Data entries:
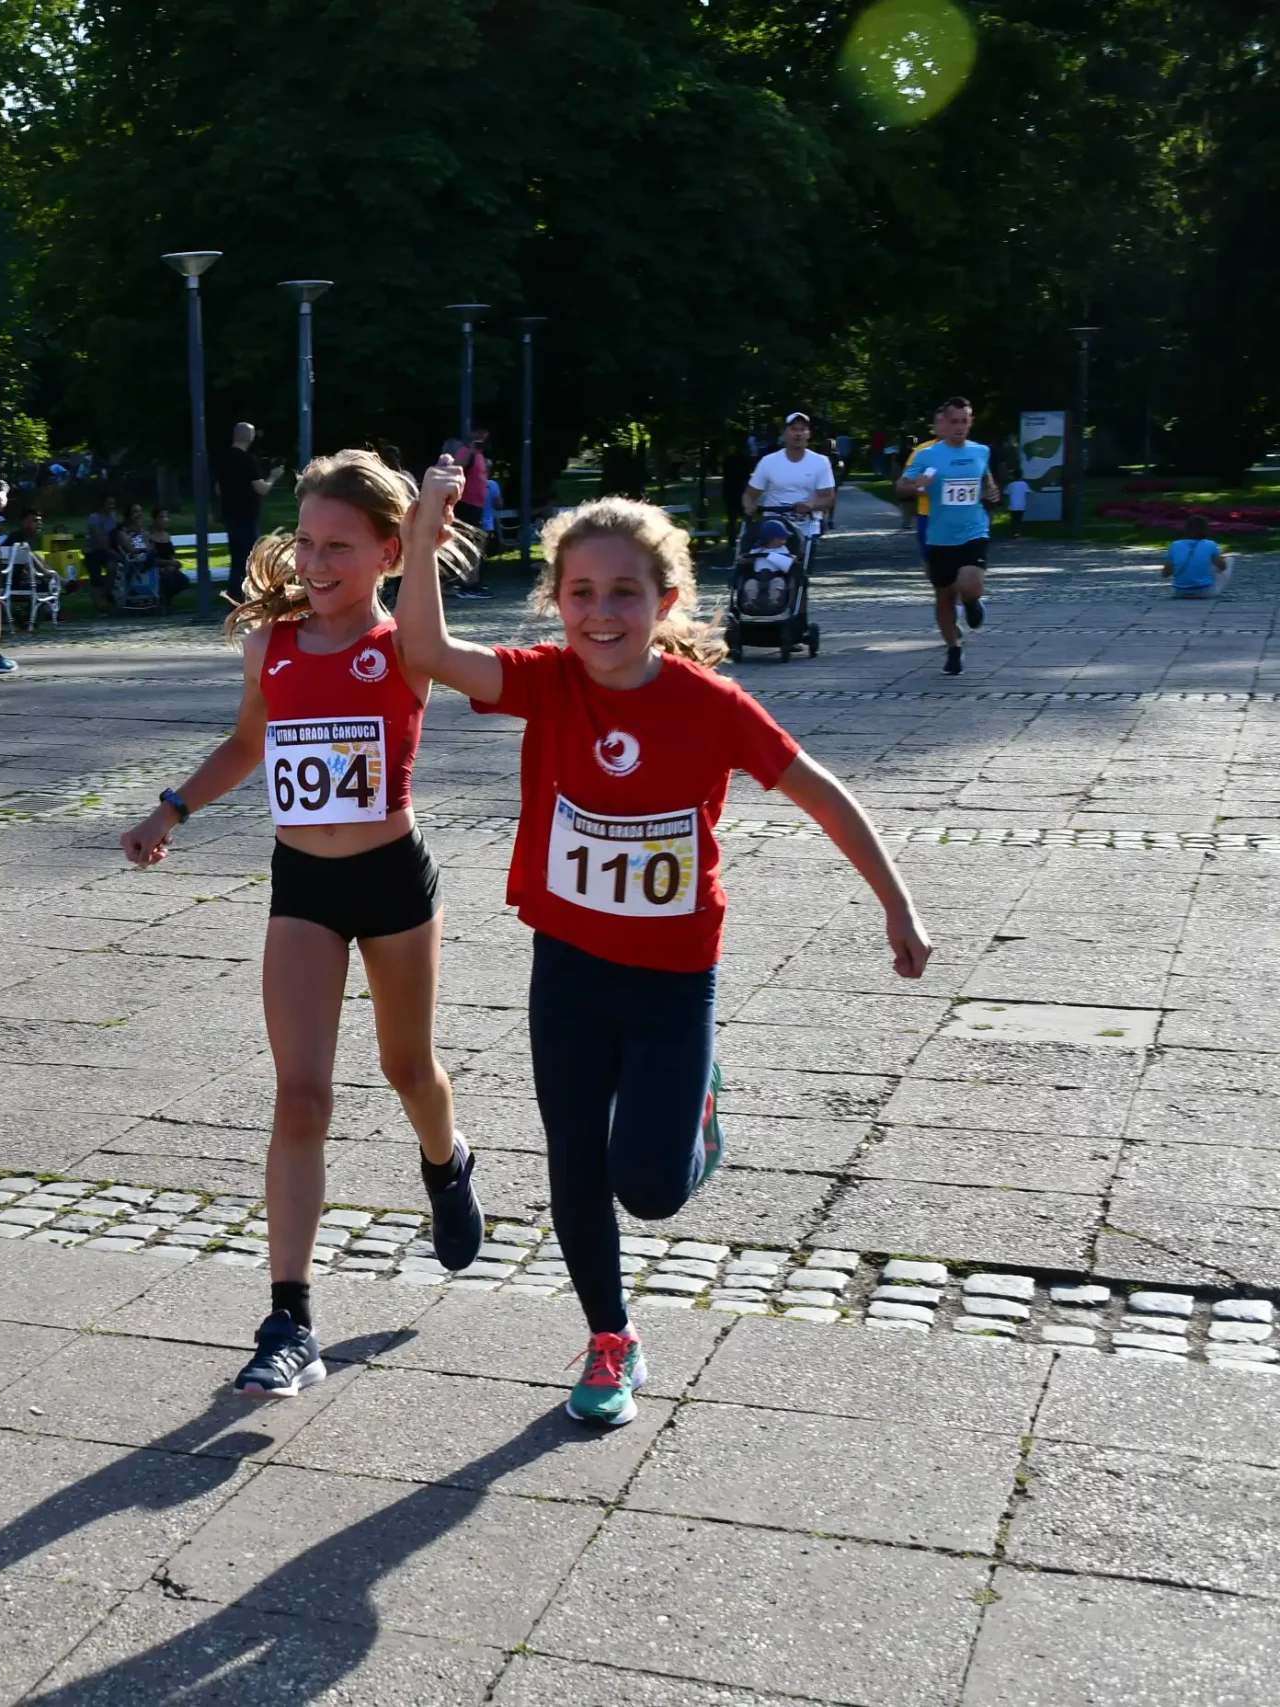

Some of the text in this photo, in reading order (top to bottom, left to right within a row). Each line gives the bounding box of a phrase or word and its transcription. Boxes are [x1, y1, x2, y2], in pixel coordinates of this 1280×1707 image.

[945, 488, 976, 502] 181
[299, 726, 330, 741] GRADA
[332, 724, 376, 740] ČAKOVCA
[274, 754, 375, 812] 694
[566, 845, 680, 905] 110
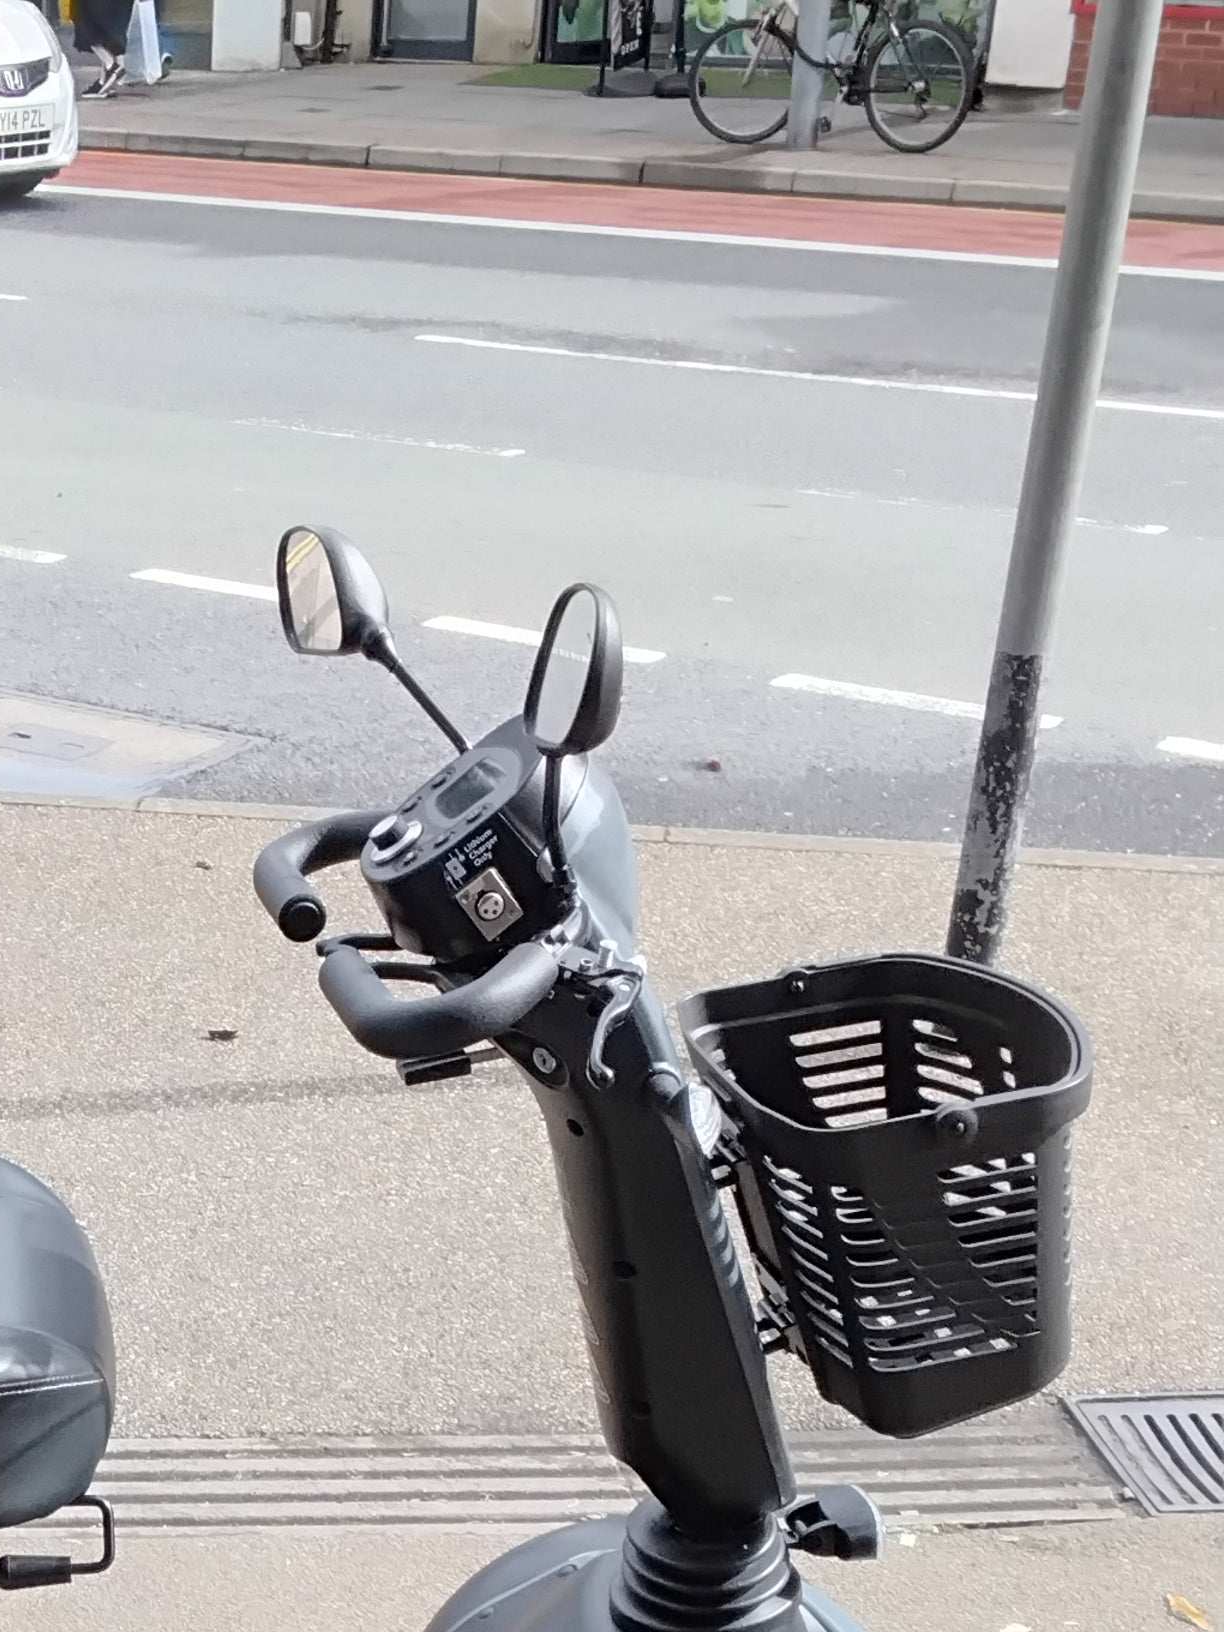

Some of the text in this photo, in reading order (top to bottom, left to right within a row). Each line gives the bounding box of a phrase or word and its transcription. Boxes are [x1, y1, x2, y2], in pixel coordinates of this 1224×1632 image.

[22, 109, 46, 130] PZL
[463, 828, 494, 853] Lithium
[468, 834, 499, 860] Charger
[473, 851, 493, 866] Only
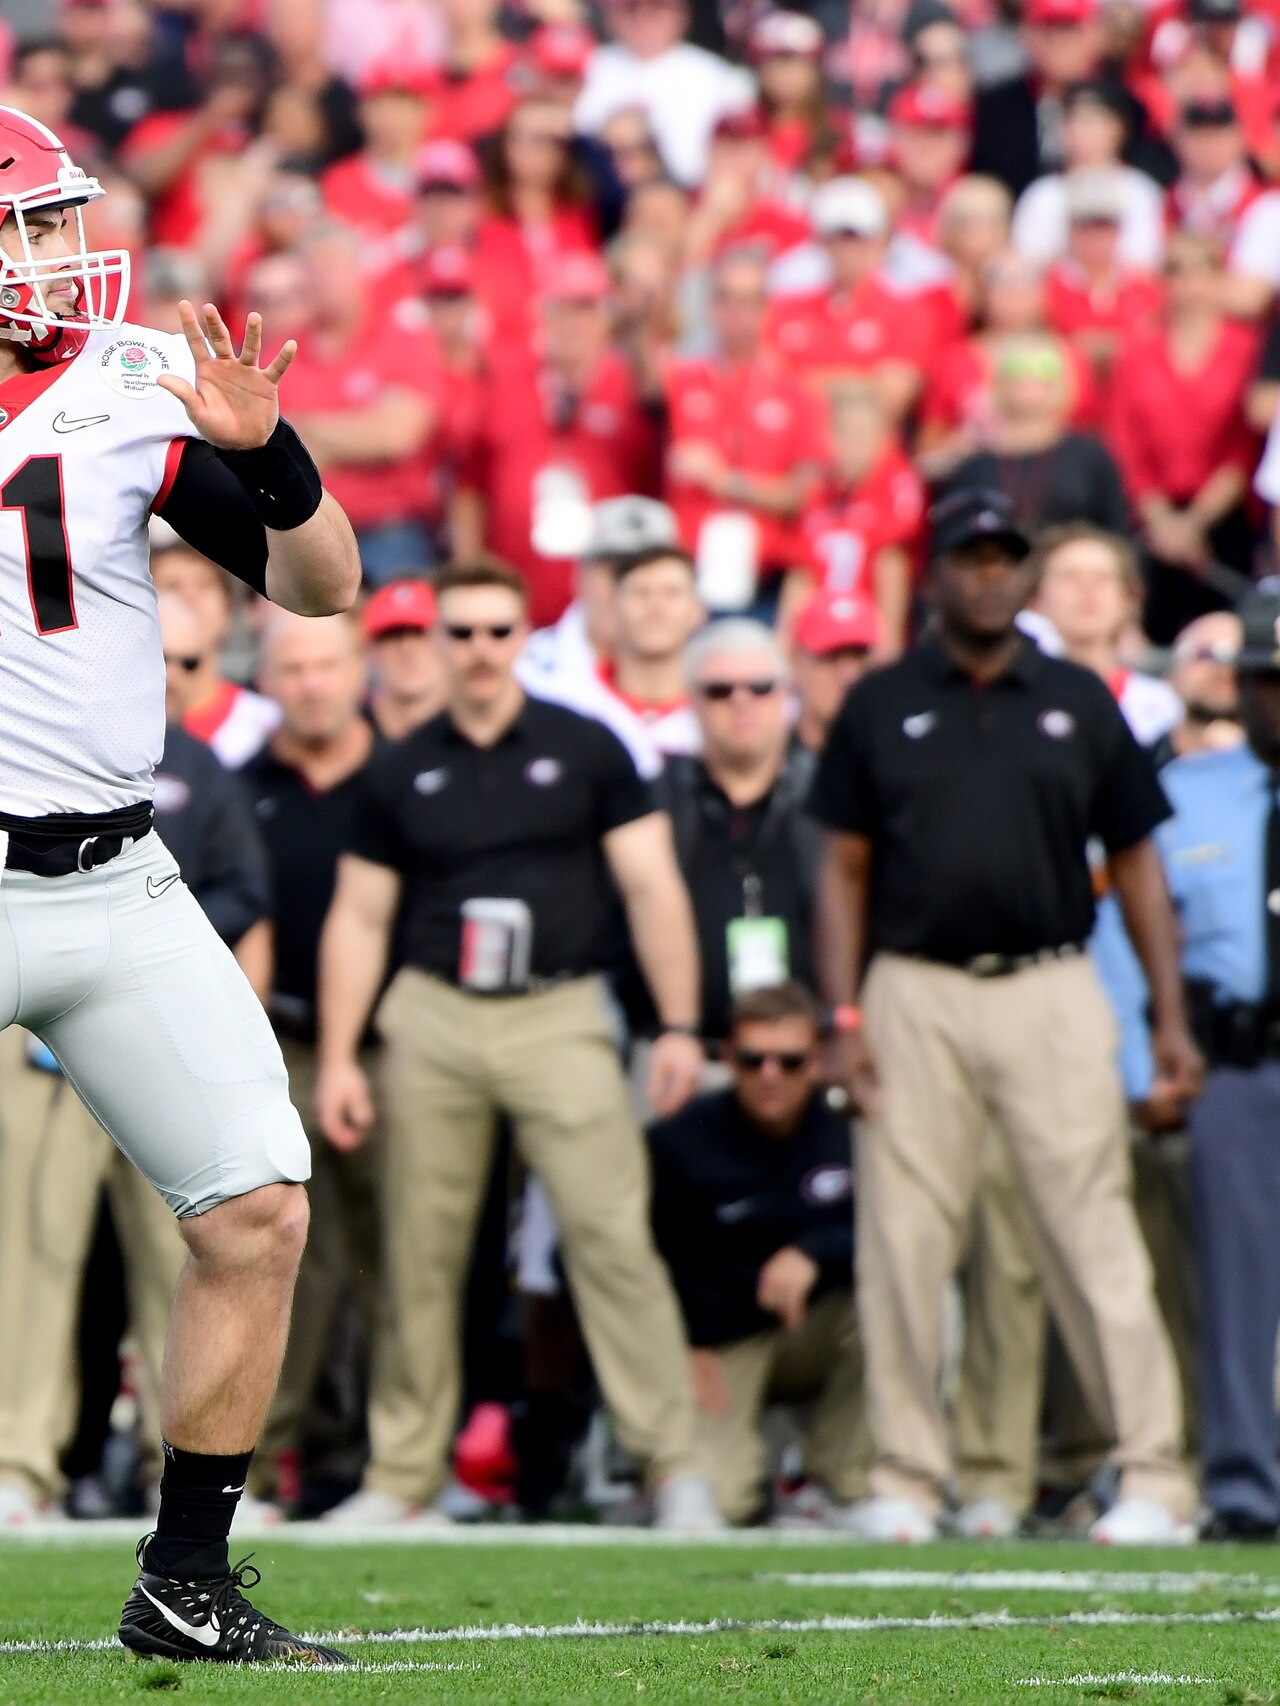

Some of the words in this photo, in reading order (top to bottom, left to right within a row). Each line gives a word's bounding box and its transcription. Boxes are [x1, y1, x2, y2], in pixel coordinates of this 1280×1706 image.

[101, 345, 118, 367] ROSE
[116, 340, 148, 349] BOWL
[150, 346, 170, 370] GAME
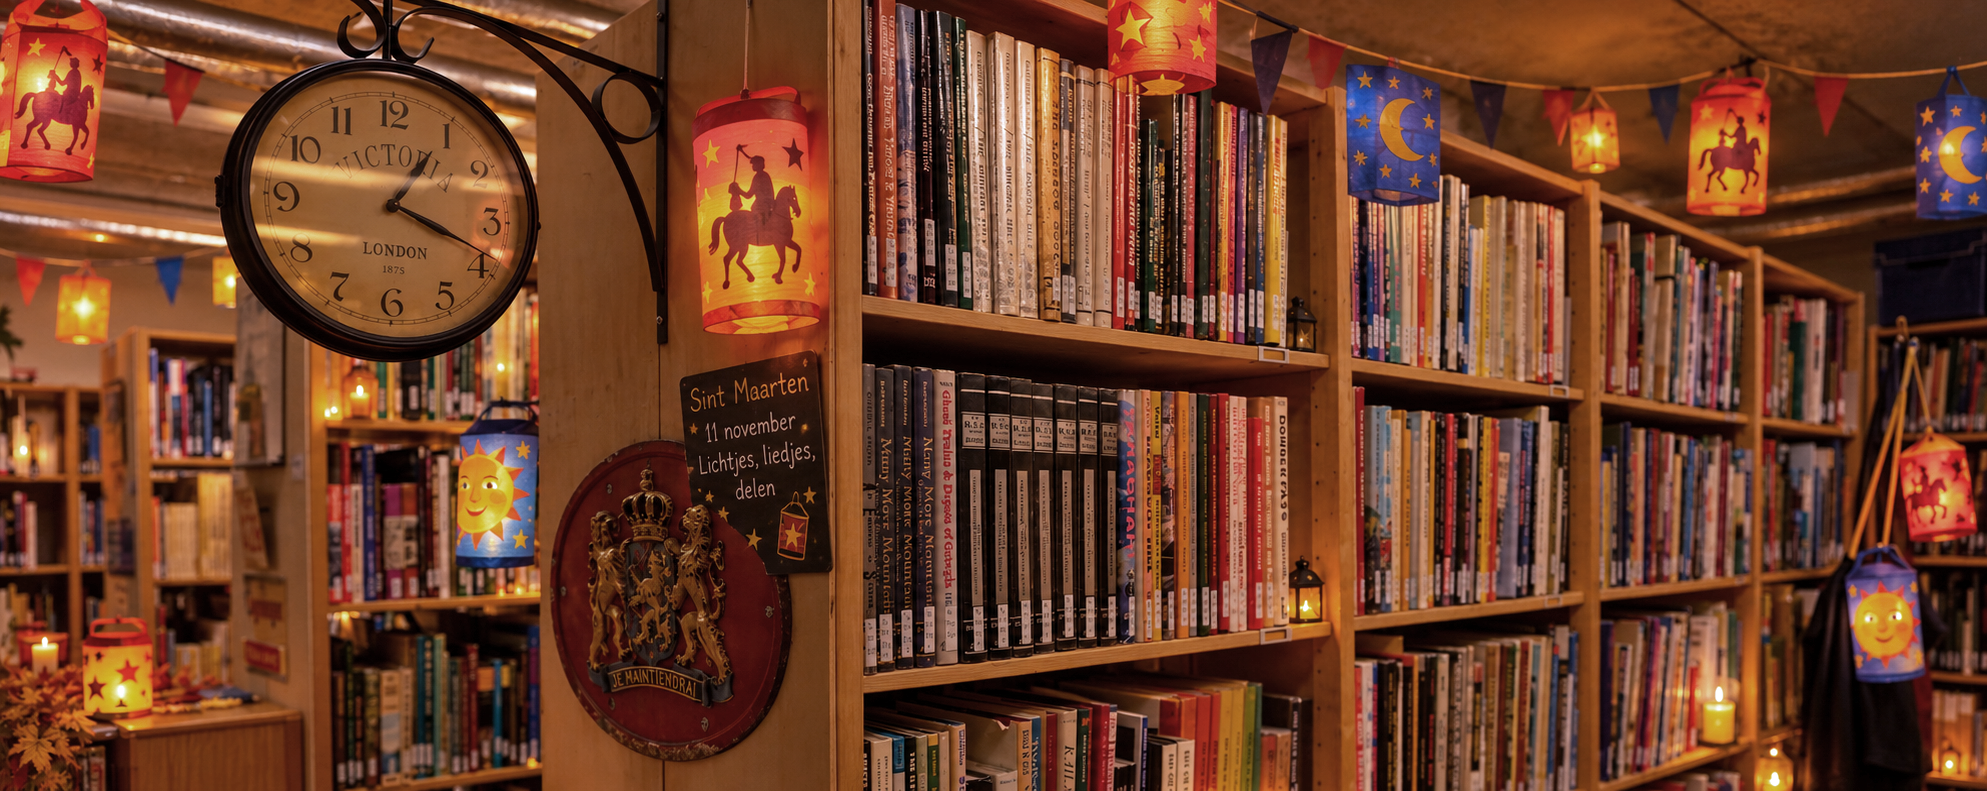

**The problem**:
Could the data above be repeated exactly, with every picture dropped?

**Answer for the task**:
Some of the text in this photo, in reading order (top to bottom, left to right within a row). Each line gives the bounding box of a phrase or word and its transcription. Boxes are [x1, y1, x2, y2], in pixel coordinates of this 1280×1707 image.

[945, 488, 976, 502] 181
[299, 726, 330, 741] GRADA
[332, 724, 376, 740] ČAKOVCA
[274, 754, 375, 812] 694
[566, 845, 680, 905] 110

Some of the text in this photo, in reading order (top to bottom, left to right within a row). Each line gives the bounding box of a phrase or word and its transcription. Boxes are [x1, y1, x2, y2], in pixel coordinates of this 1224×1632 image.

[22, 109, 46, 130] PZL
[463, 828, 494, 853] Lithium
[468, 834, 499, 860] Charger
[473, 851, 493, 866] Only

Some of the words in this photo, in reading order (top to bottom, left to right within a row). Each line gives a word's bounding box and its transcription. Boxes are [x1, y1, x2, y2], in pixel coordinates of this 1280×1706 image.

[101, 345, 118, 367] ROSE
[116, 340, 148, 349] BOWL
[150, 346, 170, 370] GAME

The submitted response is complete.